I'm going to focus on practical differences in kinds of UB, not just how the ISO standard rates them.
Related: What Every C Programmer Should Know About Undefined Behavior (http://blog.llvm.org/2011/05/what-every-c-programmer-should-know.html) has some good stuff about how data-dependent UB allows compilers to assume things won't happen, optimizing the asm. (The ISO C standard has nothing to say about what should happen for paths of execution that do encounter UB, so whatever ends up actually happening in such cases is fine.) e.g. that's why for(int i = 0 ; i<=n ; i++)
can be assumed to be non-infinite because signed int
overflow isn't defined the way unsigned
is. So n = INT_MAX
would lead to UB. But the equivalent with unsigned
is potentially infinite for n=UINT_MAX
.
You're talking about compile-time-visible UB, though, which you could say is "more undefined" because compilers can notice it and do things on purpose. (For example, emit an illegal instruction to make the program fault if it gets to this point.)
Contrast this with cases where the compiler just optimizes according to any guarantees / assumptions it's allowed to make, for code where it doesn't notice the UB at compile time, or the UB only happens with some possible function args so the compiler still has to make asm that works for inputs that don't lead to UB in the abstract machine.
Some interesting examples of non-runtime-visible UB:
For example, in C++ (unlike C1) it's illegal for execution to fall off the end of a non-void
function. Modern GCC and clang optimize accordingly, assuming such paths of execution are never reached and emitting no instructions at all for them, not even a ret
.
Let's make some simple examples on Godbolt compiling for x86-64:
int x, y; // global vars; compiler has to assume assigning to these is a visible side-effect that code in other compilation units could see.
int bad_int_func() {
x = 0; // gcc still stores but no ret
y = 0; // clang backtracks and emits no instructions for the whole block
// return 0;
}
compiles like this with GCC11.2 -O2:
bad_int_func():
mov DWORD PTR x[rip], 0
mov DWORD PTR y[rip], 0
# missing ret, there'd be one if the function was void
Clang is even more aggressive: we just get the label and no instructions.
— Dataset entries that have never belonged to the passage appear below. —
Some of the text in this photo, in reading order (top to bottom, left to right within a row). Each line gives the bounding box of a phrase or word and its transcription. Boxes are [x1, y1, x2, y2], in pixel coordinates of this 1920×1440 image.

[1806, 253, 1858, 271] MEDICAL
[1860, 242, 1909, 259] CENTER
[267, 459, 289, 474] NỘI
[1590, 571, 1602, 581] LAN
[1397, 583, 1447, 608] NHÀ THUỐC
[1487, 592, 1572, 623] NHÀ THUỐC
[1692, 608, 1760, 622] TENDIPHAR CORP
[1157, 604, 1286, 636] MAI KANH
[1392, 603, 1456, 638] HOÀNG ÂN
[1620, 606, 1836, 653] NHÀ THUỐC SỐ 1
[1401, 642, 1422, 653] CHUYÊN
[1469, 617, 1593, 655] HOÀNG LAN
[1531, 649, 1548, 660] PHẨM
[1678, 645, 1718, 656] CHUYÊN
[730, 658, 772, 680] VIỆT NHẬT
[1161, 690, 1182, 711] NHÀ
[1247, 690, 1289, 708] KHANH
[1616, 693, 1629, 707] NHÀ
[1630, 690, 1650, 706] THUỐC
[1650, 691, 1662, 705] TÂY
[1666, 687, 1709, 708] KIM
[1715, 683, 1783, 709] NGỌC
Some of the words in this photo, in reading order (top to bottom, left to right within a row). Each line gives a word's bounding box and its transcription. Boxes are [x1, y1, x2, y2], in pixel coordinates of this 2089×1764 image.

It didn't emit code for any of the earlier C++ statements in this basic block (sequence of code with no branches or branch targets) that ends by falling off the end.
And yes, both compilers warn about that, e.g. gcc warns twice (even without -Wall
or -Wextra
): warning: no return statement in function returning non-void [-Wreturn-type]
and warning: control reaches end of non-void function [-Wreturn-type]
Where this gets more interesting is in a function with some branches so it's possible for it to be called safely, as part of a well-behaved program. (It would be poor style to write a function exactly like this, but with more complex things, maybe a switch
or if(foo) ... return
/ if (bar) ... return
/ ..., there can be some paths that the compiler can't prove are never taken in the first place.)
int foo(int a){
y = 0;
if (a == 0) {
y = 1;
return 0;
}
// x = 2; // if uncommented, GCC does branch. clang doesn't care
// return a; // entirely changes the function vs. no return
}
The only legal path of execution through this function is with a==0
, so GCC and clang simply assume that's the case, optimizing away the branch:
foo(int): # @foo(int)
mov dword ptr [rip + y], 1
xor eax, eax
ret
Of course, this compiles very differently if you compile as C so it's legal to fall off the end without returning a value:
# clang13 -O2 -xc
foo:
xor eax, eax
test edi, edi
sete al # tmp = (a == 0)
mov dword ptr [rip + y], eax
xor eax, eax # unconditionally return 0
ret
Since the fall-through path doesn't have a return statement, it doesn't matter what's in the return-value register at that point. Setting it to 0 is what we need for the if()
body's return statement, and just unconditionally doing that is much cheaper than compare-and-branching to see if we should zero it or not. (GCC doesn't spot that, and does branch over a y=1
store and an xor eax,eax
. It unconditionally did the y=0
store first, even though it did tail duplication with two separate ret
instructions :/)
Of course if inlining into a caller that did use the return value, then the same optimizations as with C++ would apply. Like if you put a __builtin_unreachable()
there instead of a return
.
Footnote 1: In C, it's only UB for the caller to use the return value of such a function, for historical reasons: before void
was introduced to the language, every function had a return value, often implicit int
. But people didn't bother to put a return 0;
at the bottom if they didn't want a return value. (Not just "didn't bother"; saving those bytes of compiler-generated machine code was probably valuable on tiny old machines.)